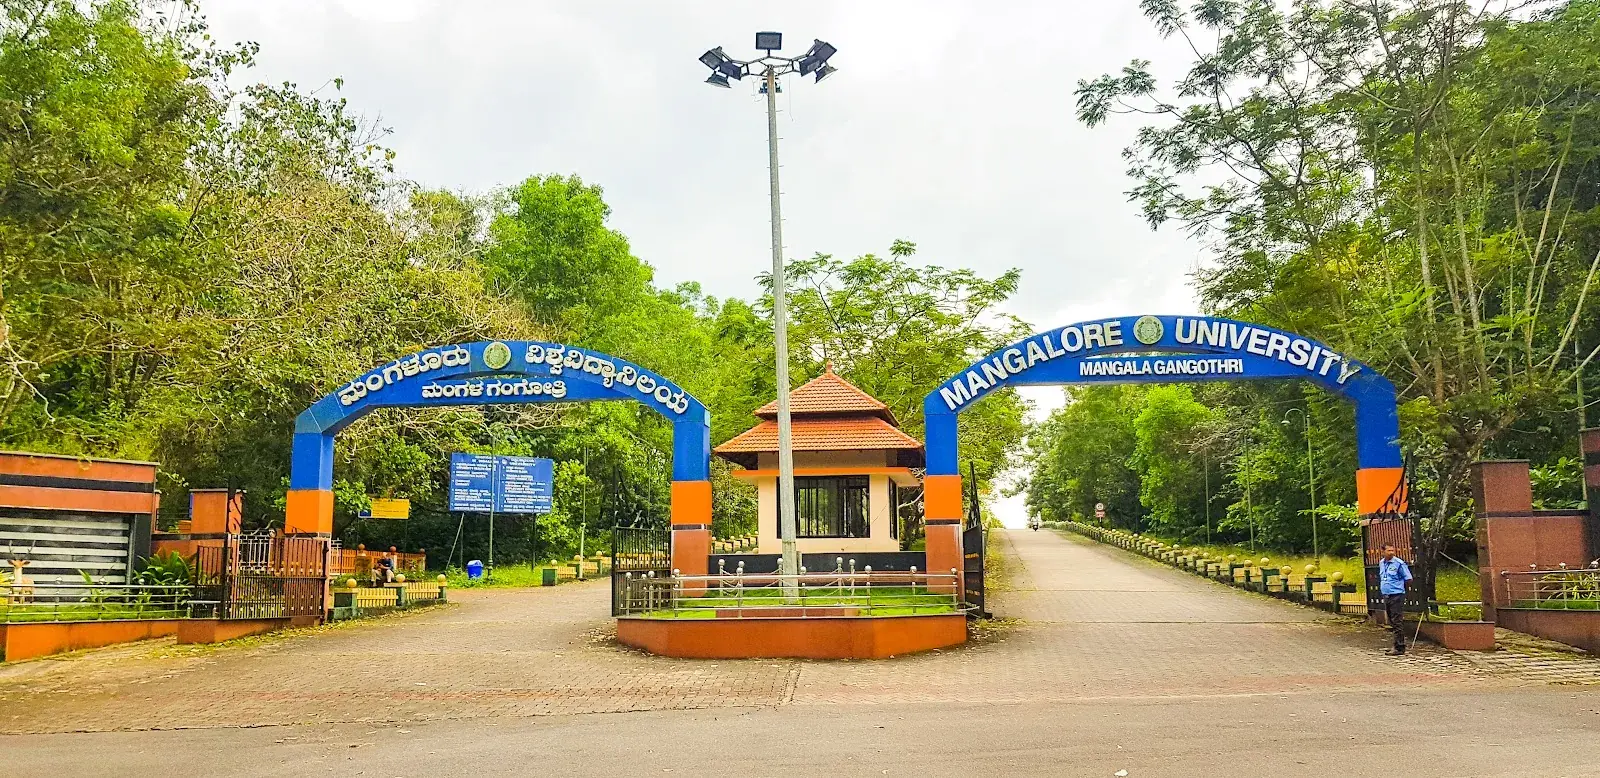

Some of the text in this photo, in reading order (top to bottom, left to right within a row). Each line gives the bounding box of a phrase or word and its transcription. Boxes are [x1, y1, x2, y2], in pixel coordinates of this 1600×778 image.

[338, 344, 689, 414] ಮಂಗಳೂರು ವಿಶ್ವವಿದ್ಯಾನಿಲಯ
[939, 318, 1362, 411] MANGALORE UNIVERSITY
[1079, 359, 1244, 376] MANGALA GANGOTHRI
[421, 378, 567, 398] ಮಂಗಳ ಗಂಗೋತ್ರಿ

-- -- --

*WHAT TO WORK ON*: Would you copy out the material above exactly, without the pictures in it?

*RESPONSE TO THE TASK*:
Some of the text in this photo, in reading order (top to bottom, left to right within a row). Each line gives the bounding box of a phrase or word and its transcription. Boxes are [x1, y1, x2, y2], in pixel coordinates of this 1600×778 image.

[338, 344, 689, 414] ಮಂಗಳೂರು ವಿಶ್ವವಿದ್ಯಾನಿಲಯ
[939, 318, 1362, 411] MANGALORE UNIVERSITY
[1079, 359, 1244, 376] MANGALA GANGOTHRI
[421, 378, 567, 398] ಮಂಗಳ ಗಂಗೋತ್ರಿ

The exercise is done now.